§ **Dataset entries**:
-- Opening Marker --
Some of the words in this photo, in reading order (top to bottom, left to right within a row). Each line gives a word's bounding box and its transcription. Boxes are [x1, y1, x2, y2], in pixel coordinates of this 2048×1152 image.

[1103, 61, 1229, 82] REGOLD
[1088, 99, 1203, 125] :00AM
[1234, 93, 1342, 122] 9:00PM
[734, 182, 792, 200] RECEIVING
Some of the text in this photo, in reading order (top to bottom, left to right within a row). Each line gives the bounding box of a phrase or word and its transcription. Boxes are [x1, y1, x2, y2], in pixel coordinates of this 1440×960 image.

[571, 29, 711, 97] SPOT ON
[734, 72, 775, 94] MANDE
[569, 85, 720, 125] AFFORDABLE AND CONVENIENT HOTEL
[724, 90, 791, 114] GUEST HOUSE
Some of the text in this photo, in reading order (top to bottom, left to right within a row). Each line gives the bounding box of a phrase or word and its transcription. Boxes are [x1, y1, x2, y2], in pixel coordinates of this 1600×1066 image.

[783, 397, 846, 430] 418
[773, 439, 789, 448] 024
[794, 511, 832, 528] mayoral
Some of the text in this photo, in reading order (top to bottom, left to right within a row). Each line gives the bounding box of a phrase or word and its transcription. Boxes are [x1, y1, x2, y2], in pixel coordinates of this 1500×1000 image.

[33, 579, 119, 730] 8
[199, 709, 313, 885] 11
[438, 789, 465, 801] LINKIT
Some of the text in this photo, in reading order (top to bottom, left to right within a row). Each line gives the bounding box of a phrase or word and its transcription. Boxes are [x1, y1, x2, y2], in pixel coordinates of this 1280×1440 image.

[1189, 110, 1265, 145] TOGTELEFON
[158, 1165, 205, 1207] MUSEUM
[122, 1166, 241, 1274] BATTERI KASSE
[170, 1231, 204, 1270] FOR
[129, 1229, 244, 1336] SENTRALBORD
-- Closing Marker --
§ **EXERCISE DETAILS**: Please output all of the entries without changing a single character.

§ **YOUR SOLUTION**:
Some of the words in this photo, in reading order (top to bottom, left to right within a row). Each line gives a word's bounding box and its transcription. Boxes are [x1, y1, x2, y2], in pixel coordinates of this 2048×1152 image.

[1103, 61, 1229, 82] REGOLD
[1088, 99, 1203, 125] :00AM
[1234, 93, 1342, 122] 9:00PM
[734, 182, 792, 200] RECEIVING
Some of the text in this photo, in reading order (top to bottom, left to right within a row). Each line gives the bounding box of a phrase or word and its transcription. Boxes are [x1, y1, x2, y2], in pixel coordinates of this 1440×960 image.

[571, 29, 711, 97] SPOT ON
[734, 72, 775, 94] MANDE
[569, 85, 720, 125] AFFORDABLE AND CONVENIENT HOTEL
[724, 90, 791, 114] GUEST HOUSE
Some of the text in this photo, in reading order (top to bottom, left to right within a row). Each line gives the bounding box of a phrase or word and its transcription. Boxes are [x1, y1, x2, y2], in pixel coordinates of this 1600×1066 image.

[783, 397, 846, 430] 418
[773, 439, 789, 448] 024
[794, 511, 832, 528] mayoral
Some of the text in this photo, in reading order (top to bottom, left to right within a row). Each line gives the bounding box of a phrase or word and its transcription. Boxes are [x1, y1, x2, y2], in pixel coordinates of this 1500×1000 image.

[33, 579, 119, 730] 8
[199, 709, 313, 885] 11
[438, 789, 465, 801] LINKIT
Some of the text in this photo, in reading order (top to bottom, left to right within a row). Each line gives the bounding box of a phrase or word and its transcription. Boxes are [x1, y1, x2, y2], in pixel coordinates of this 1280×1440 image.

[1189, 110, 1265, 145] TOGTELEFON
[158, 1165, 205, 1207] MUSEUM
[122, 1166, 241, 1274] BATTERI KASSE
[170, 1231, 204, 1270] FOR
[129, 1229, 244, 1336] SENTRALBORD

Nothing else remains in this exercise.